### Problem statement
The line containing "Some of the text" opens the span to copy, and the last line of the records below closes it. Write out that span exactly.

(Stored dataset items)
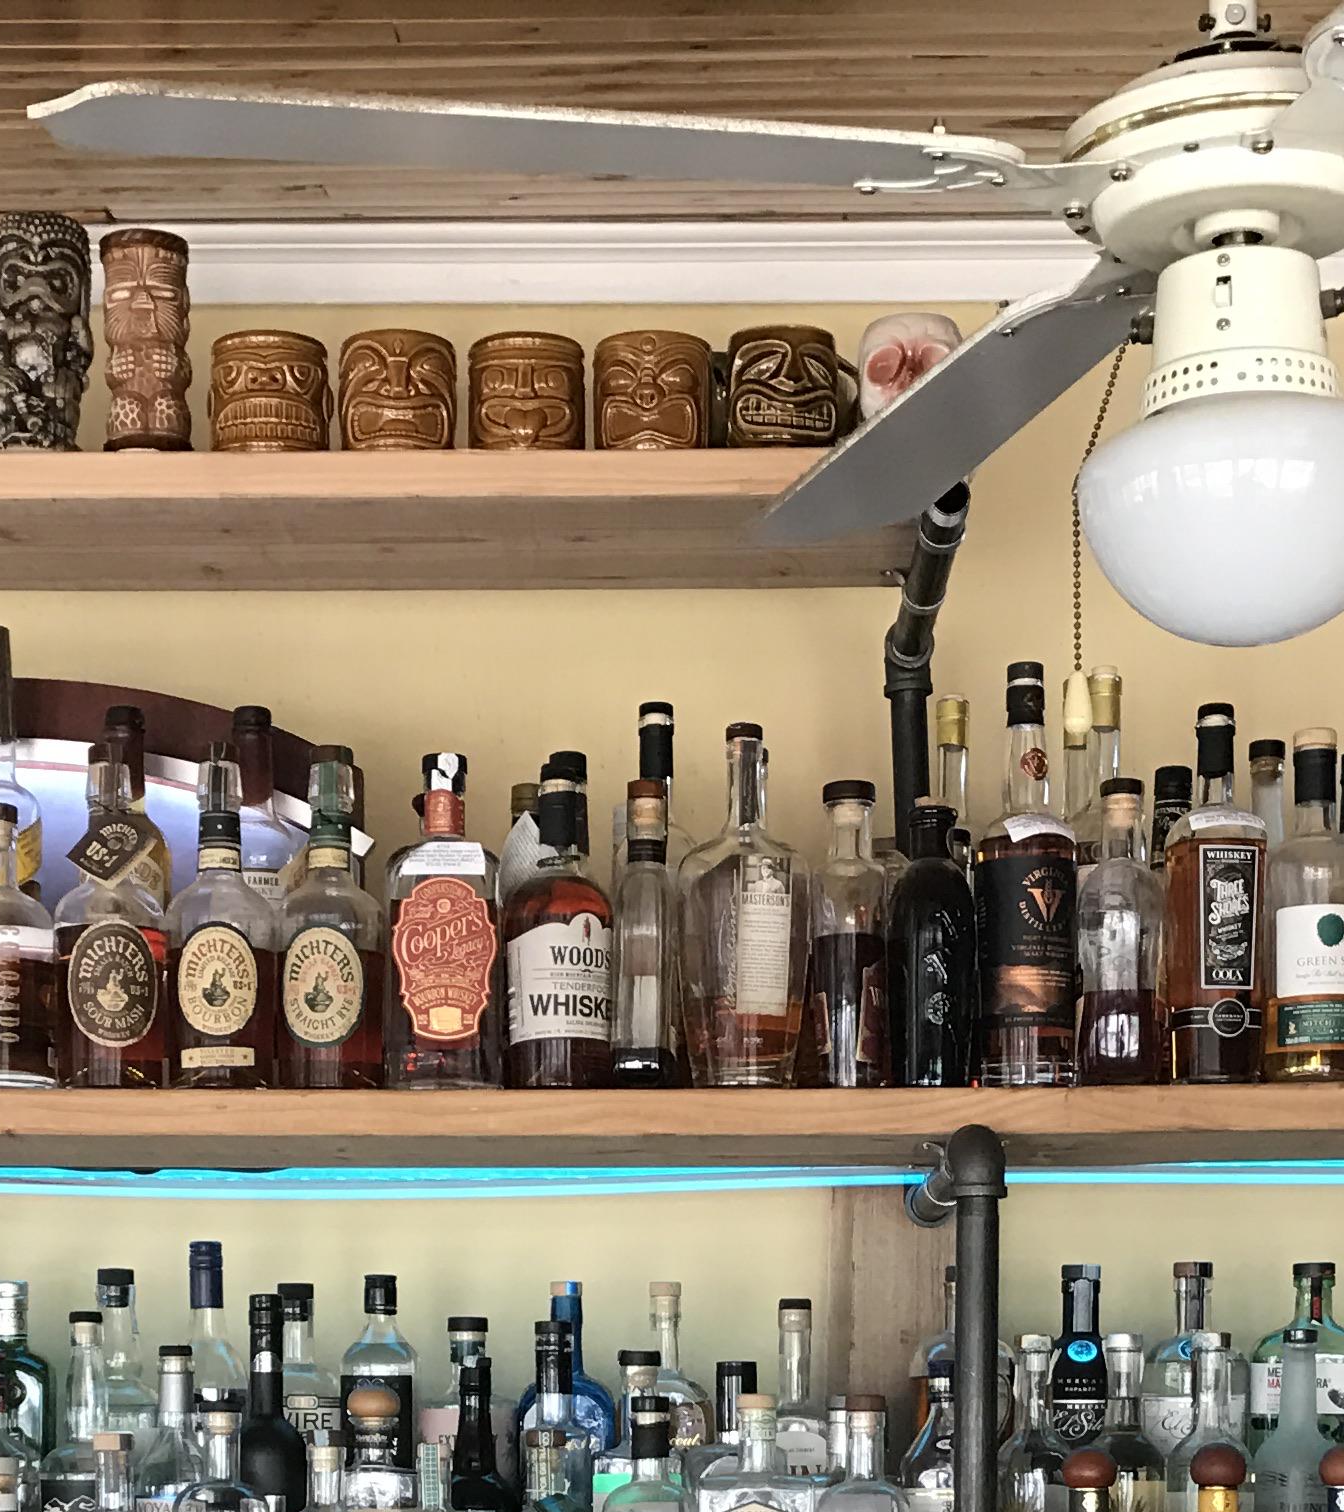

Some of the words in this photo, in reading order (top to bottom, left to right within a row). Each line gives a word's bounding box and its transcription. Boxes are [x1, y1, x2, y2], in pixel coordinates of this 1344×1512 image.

[1206, 850, 1252, 860] WHISKEY
[401, 911, 483, 965] Cooper's
[79, 936, 149, 982] MICHTER'S
[184, 938, 250, 980] MICHTER'S
[289, 939, 355, 985] MICHTER'S
[1297, 955, 1338, 967] GREEN
[83, 1001, 114, 1028] SOUR
[115, 1003, 146, 1030] MASH
[187, 995, 249, 1025] BOURBON
[290, 997, 336, 1030] STRAIGHT
[529, 993, 612, 1020] WHISKE
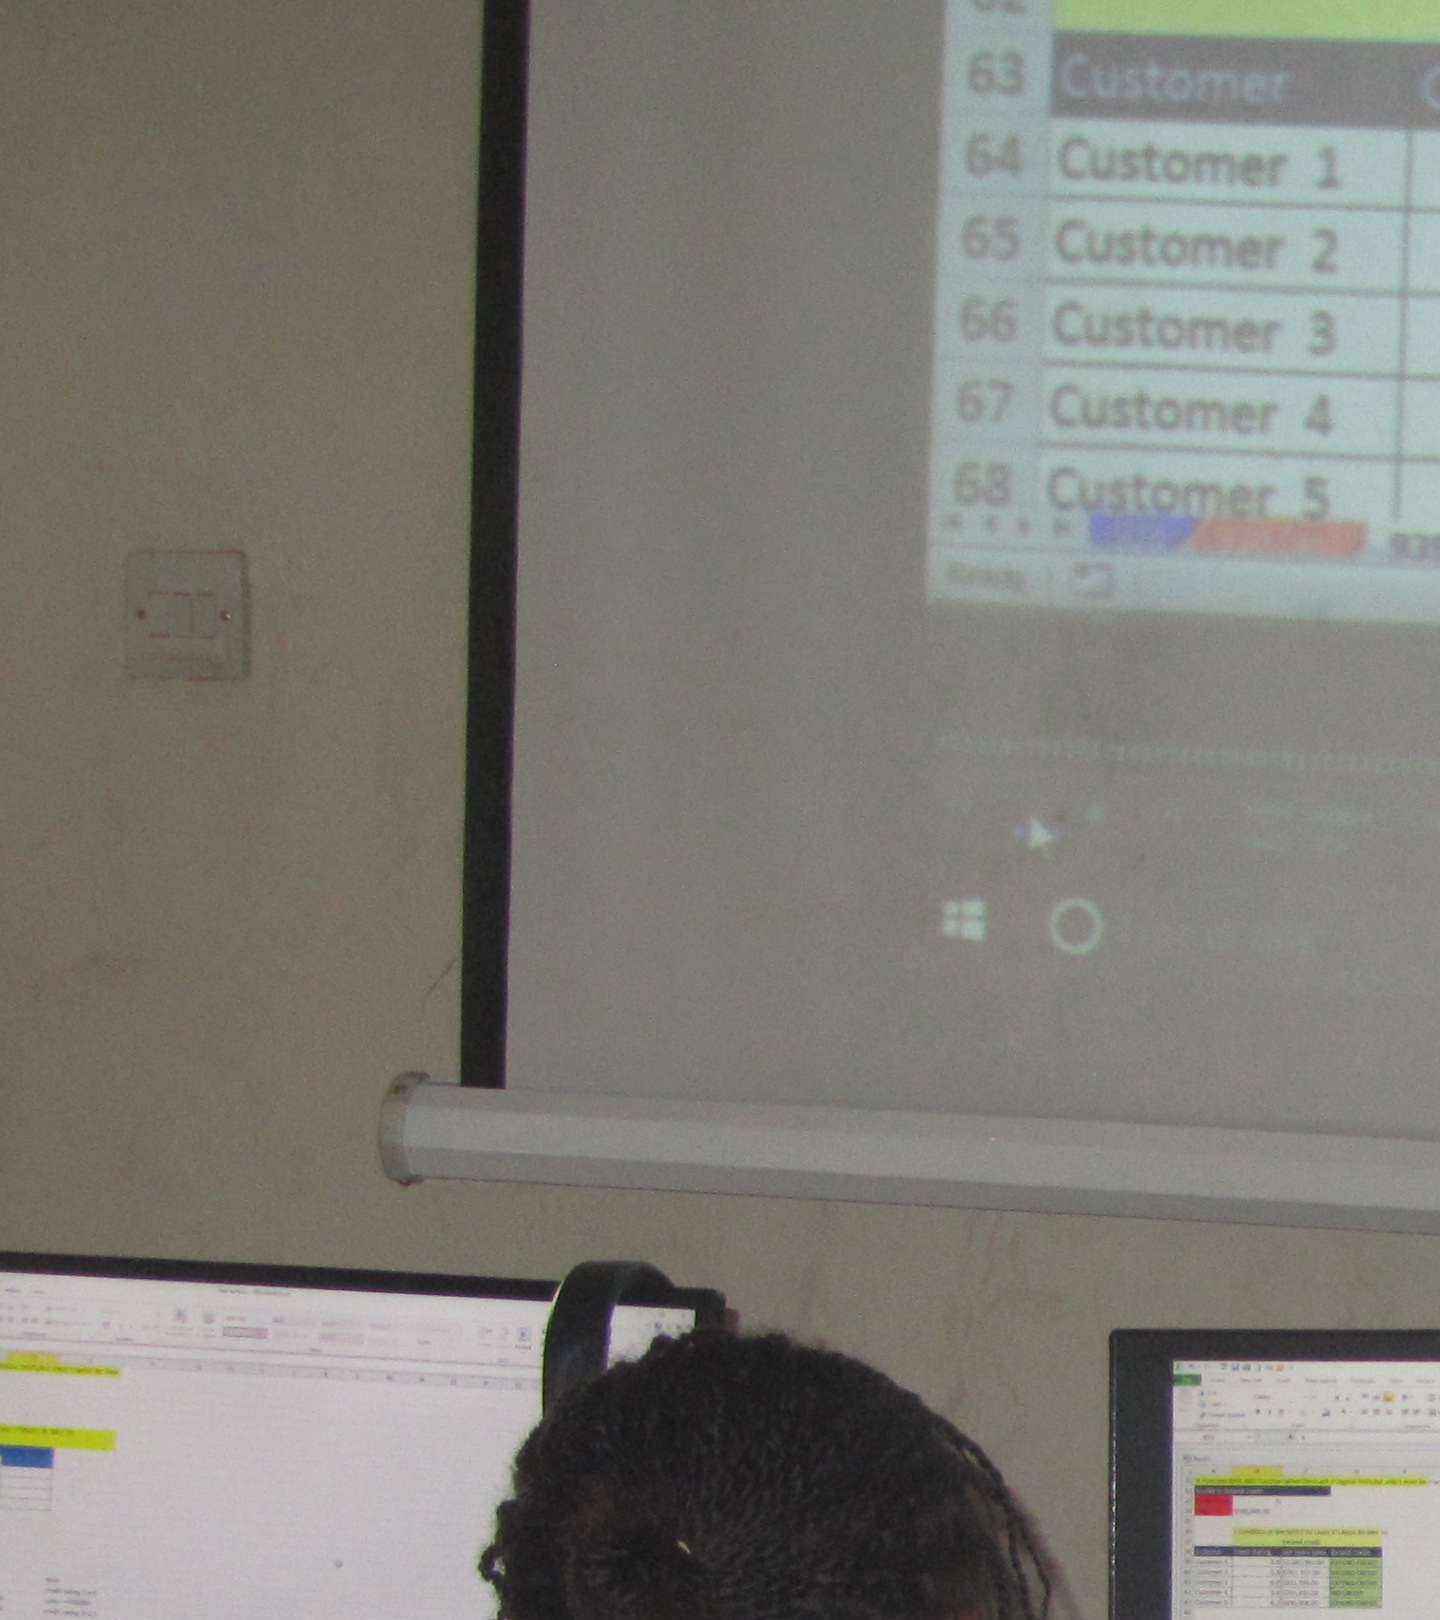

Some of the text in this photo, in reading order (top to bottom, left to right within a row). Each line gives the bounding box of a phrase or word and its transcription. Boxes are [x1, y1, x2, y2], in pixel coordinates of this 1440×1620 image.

[966, 52, 1025, 97] 63
[1060, 53, 1289, 105] Customer
[964, 134, 1025, 177] 64
[1058, 134, 1342, 191] Customer 1
[961, 216, 1020, 260] 65
[1055, 217, 1340, 273] Customer 2
[959, 299, 1019, 342] 66
[1052, 300, 1338, 356] Customer 3
[956, 381, 1016, 425] 67
[1048, 383, 1334, 439] Customer 4
[953, 462, 1012, 506] 68
[1045, 467, 1330, 522] Customer 5

### Worked solution
Some of the text in this photo, in reading order (top to bottom, left to right within a row). Each line gives the bounding box of a phrase or word and its transcription. Boxes are [x1, y1, x2, y2], in pixel coordinates of this 1440×1620 image.

[966, 52, 1025, 97] 63
[1060, 53, 1289, 105] Customer
[964, 134, 1025, 177] 64
[1058, 134, 1342, 191] Customer 1
[961, 216, 1020, 260] 65
[1055, 217, 1340, 273] Customer 2
[959, 299, 1019, 342] 66
[1052, 300, 1338, 356] Customer 3
[956, 381, 1016, 425] 67
[1048, 383, 1334, 439] Customer 4
[953, 462, 1012, 506] 68
[1045, 467, 1330, 522] Customer 5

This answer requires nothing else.